In commenting on the findings of the study, head of the CDA, Rosalee Gage-Grey, told our news team that the prevalence of STIs among the girls who were tested at the two facilities is not surprising as the majority would have come into care with sexual-abuse issues.
According to Gage-Grey, with the extent of sexual abuse in the country as high as it is believed to be, the prevalence of STIs among children in wider society could be a significant problem.
Children need the information
She argued that the issues with the law and policy in providing reproductive health information to children needs to be resolved.
“At some point we have to come to the realisation that the children need the information to make informed decisions,” said Gage-Grey.

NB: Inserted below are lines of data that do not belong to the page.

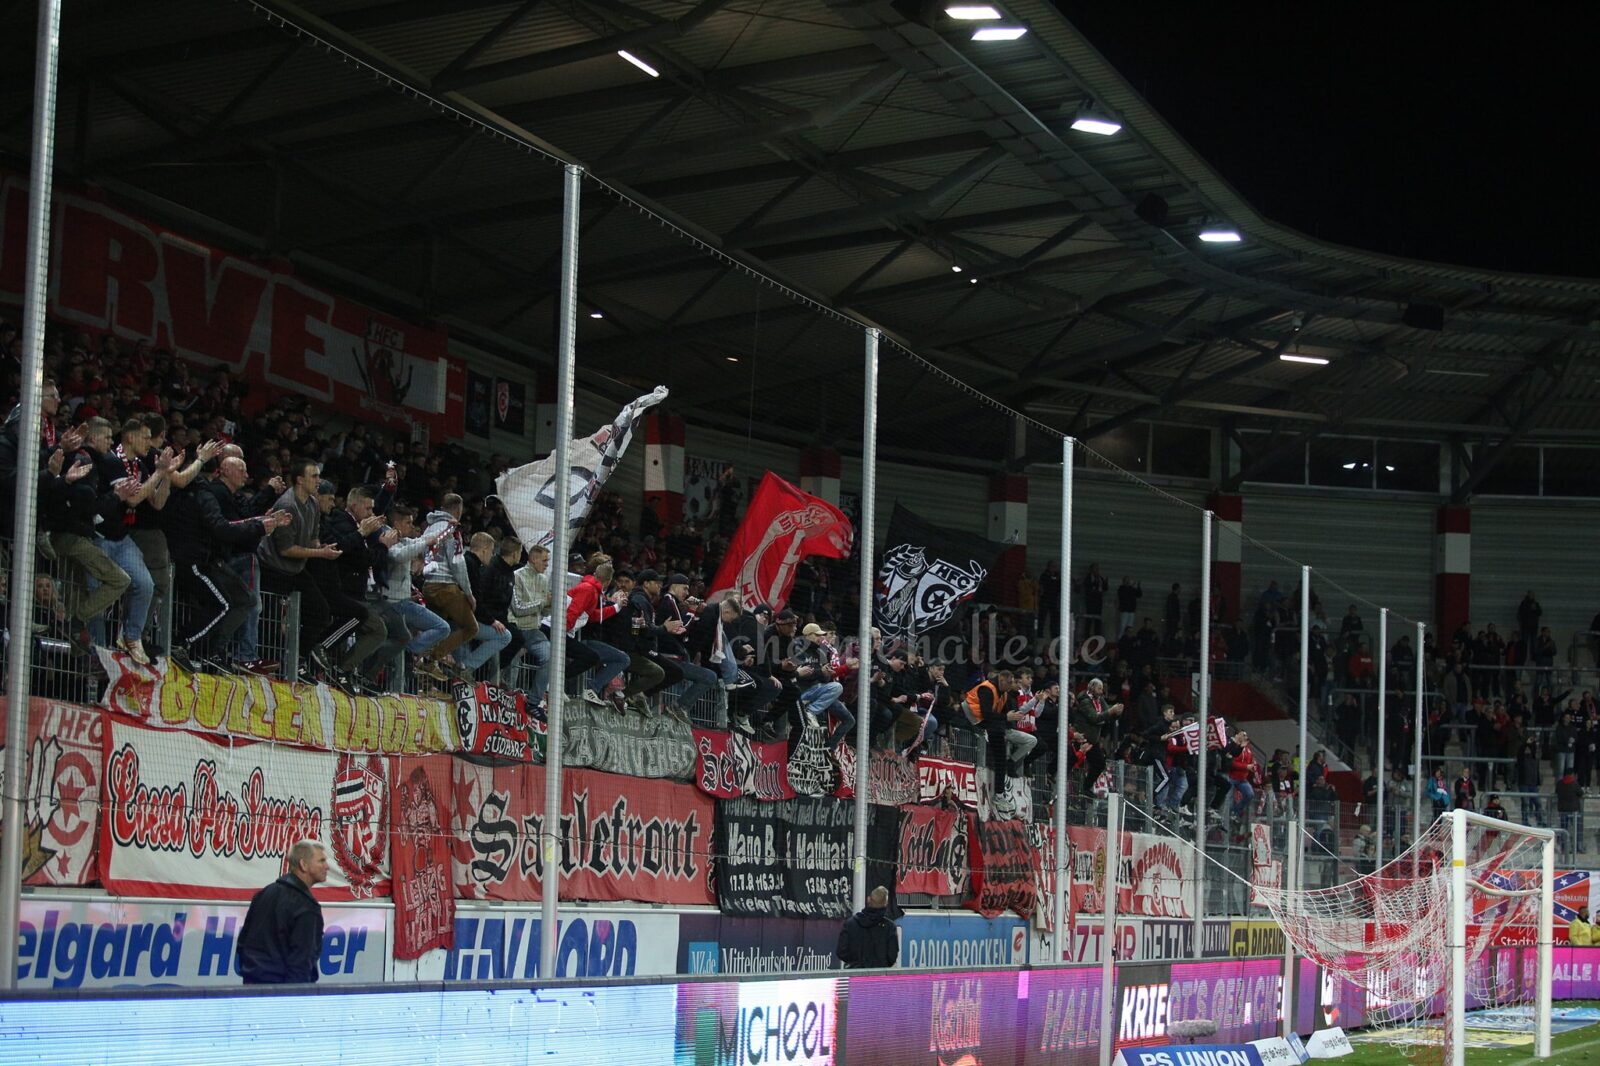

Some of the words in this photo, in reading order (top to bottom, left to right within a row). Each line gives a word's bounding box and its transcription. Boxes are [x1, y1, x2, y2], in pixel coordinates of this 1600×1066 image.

[936, 564, 971, 590] HFC
[728, 822, 761, 867] Mario
[796, 831, 845, 871] Matthias
[17, 910, 186, 987] elgard
[909, 939, 949, 968] RADIO
[954, 938, 1007, 966] BROCKEN
[1144, 924, 1184, 960] DELTA
[722, 947, 796, 974] Mitteldeutsche
[796, 946, 832, 971] Zeitung
[1552, 963, 1593, 982] ALLE
[1041, 986, 1100, 1052] HALL
[1139, 1051, 1172, 1066] PS
[1184, 1049, 1251, 1066] UNION

“We have to go with the law, but there has to be some level of agreement as to how we are going to treat with this serious problem that we are having with children who are being coerced and initiated from a very early age to understand the issues.
“Part of the challenge is that if a child says he/she has not been sexually abused you cannot examine them even if they had been deemed to be sexually active,” noted Gage-Grey.

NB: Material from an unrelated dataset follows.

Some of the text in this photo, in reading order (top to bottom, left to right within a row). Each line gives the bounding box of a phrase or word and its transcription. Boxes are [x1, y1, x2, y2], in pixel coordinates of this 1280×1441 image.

In an aim to tackle this challenge, the CDA is looking to work with the Ministry of Health to see if, in addition to the usual back-to-school medicals, from an ethical perspective, additional medical checks can be done for things such as STIs.
The Childcare and Protection Act (of 2004) makes every citizen legally responsible for reporting to the Office of the Children Registry (OCR) any knowledge or suspicion that a child “has been, is being or is likely to be abandoned, neglected or physically or sexually ill-treated”.
Persons who fail to do so, upon conviction before a resident magistrate can be fined a maximum of $500,000 or to imprisonment to a term not exceeding six months, or to both such fine and imprisonment.
But Campbell is concerned that this law which is intended to protect children could be doing some harm as it has made health-care workers, who are “prescribed” persons mandated to report to the OCR, fearful of offering assistance to minors.
“So if a young girl comes in and says she is sexually active and would like to access contraceptive, do I send her home for her parents?” questioned Campbell.
“She won’t go. But she will come back in three months pregnant. But as the health-care worker, what do I do? I don’t have $500,000 to pay,” added the Campbell.